Friday, April 6, 2012

Back To Winter Questions

It was back to a couple of hours birding at Pilling this morning complete with bobble hat, gloves and a woolly scarf to ward off the cold. And if any birds made it up here against the unfriendly north westerly winds and through the obstructive high pressure then I didn’t find any of them this morning, and here on April 6th I’ve yet to see a Swallow or a Willow Warbler.

The trees at Fluke Hall were devoid of any warbler melodies, with just the sounds of Blackbird, Song Thrush, Chaffinch, Goldfinch, Dunnock, Robin, and all four of the titmice family. At the west end of the wood I came across a flock of 22 Linnets, a single Meadow Pipit and the pair of hedgerow dwelling Reed Buntings. 

 
Robin 

Blue Tit

My Lane Ends/Pilling Water walk produced a few of the usual bits and pieces with on the pools 2 Little Grebe, 2 Tufted Duck and 2 Little Egret sheltering in the lee of the bank. There seemed to be a few Meadow Pipits heading out across the bay, and as I watched them struggle into the wind I heard a Siskin overhead. When I looked up there were 5 of them, seemingly headed in the same direction as the pipits but within a few seconds they turned, circled and then dropped back into the trees. I could hear the Jays again noisily making their way through the trees and when I found them I saw there were three.

The walk to Pilling Water turned up little, the highlight being a single spring Wheatear, contrasting with the remnants of the wintering Pink-footed Geese, still about 350 birds. On the wildfowler’s pools 13 Teal still linger with approximately 25 Redshank for company, in a group, just waiting to head north to Iceland. Small birds were hard to come by here with a single Meadow Pipit and 4 Skylark, and after their bursts of song in recent times the local Skylarks went silent with the cold winds, with now just the noise of their territorial squabbles confirming they are still about. 

 Wheatear

As I journeyed back to Lane Ends I disturbed a Kestrel from the fence posts and then noted a sentinel Peregrine out on the marsh, whilst above the plantation a Buzzard circled and mewed.

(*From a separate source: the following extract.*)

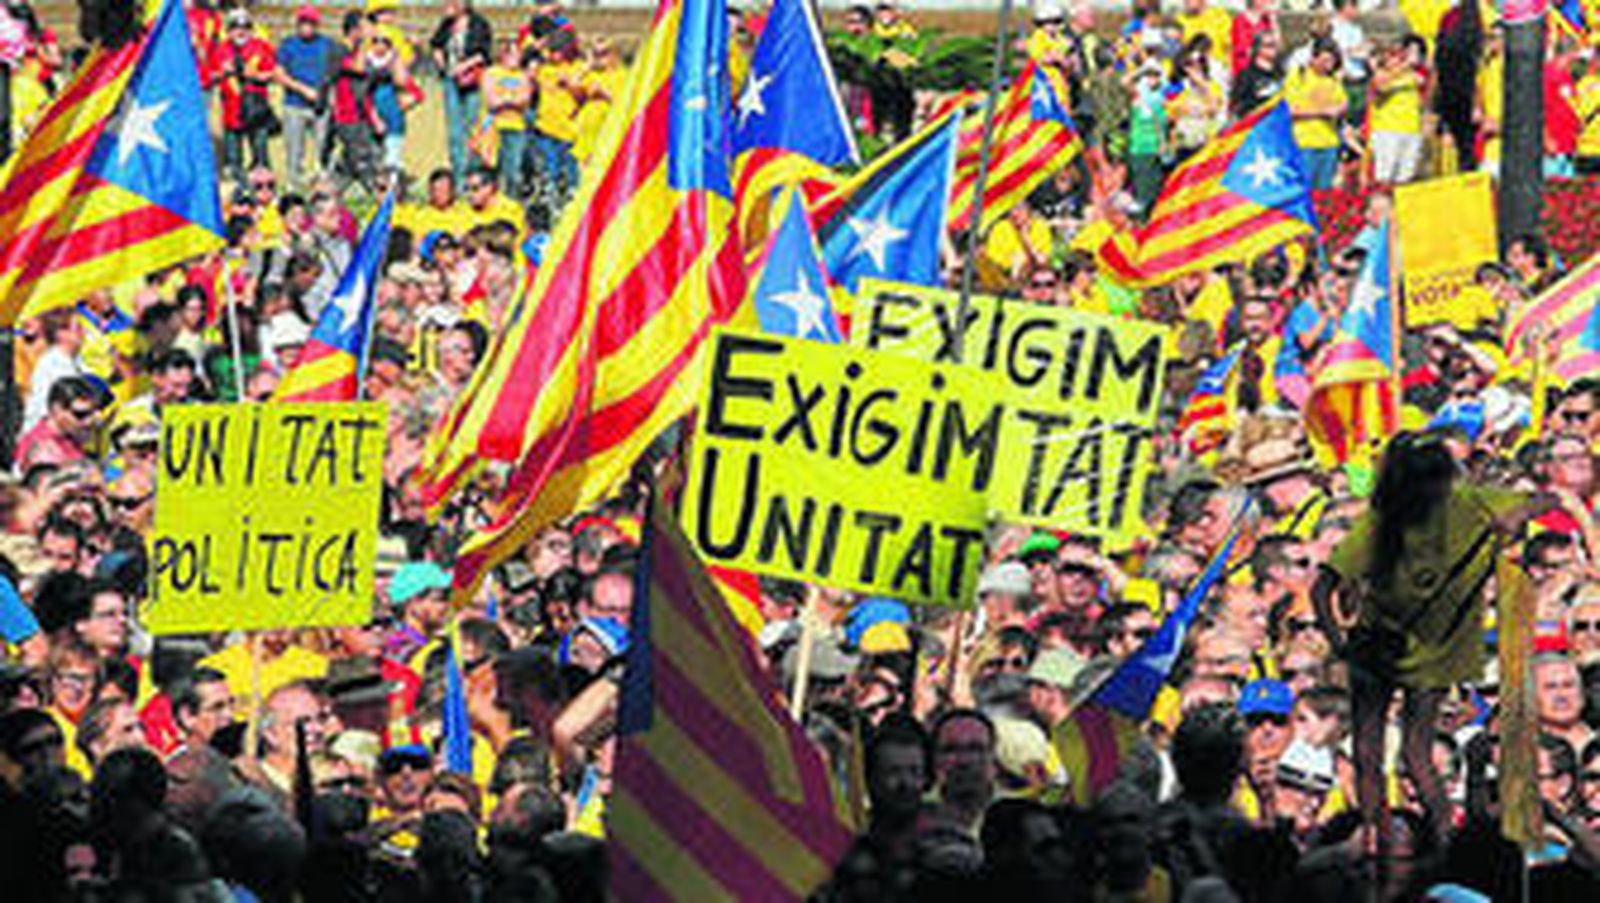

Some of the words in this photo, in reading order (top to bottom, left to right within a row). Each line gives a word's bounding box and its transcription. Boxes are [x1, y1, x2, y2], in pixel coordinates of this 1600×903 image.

[164, 412, 378, 486] UNITAT
[1016, 409, 1152, 528] TAT
[697, 446, 983, 598] UNITAT

A couple of questions sprang to mind: When a Buzzard calls from a great height, to what distance does the call travel? Are Buzzards breeding in Pilling village now?

8 comments:

Andrew said...

Lovely images..

Mary Howell Cromer said...

I love all 3 of these images Phil and the Robin said good morning to me, just now;') Wow, will your winter end soon? We have had some slight cooling down to upper 30'e and highs in 70's, I can deal with that, no rain in forecast either. Happy Easter season Phil~

CameraCruise said...

Beautiful photos.
I especially like the robin, one of my favorite birds.

Amila Kanchana said...

Real cuties, those birds are!

Linda said...

The photos are lovely - the robin is amazing! Such detail!

Cheryl said...

Perhaps a less than stellar outing for you, but it sounds like a day made to order to me.

Pia said...

So wonderful shots ...... you did a grat job capturing these shy critters!

Christian said...

Superb Robin portrait Phil.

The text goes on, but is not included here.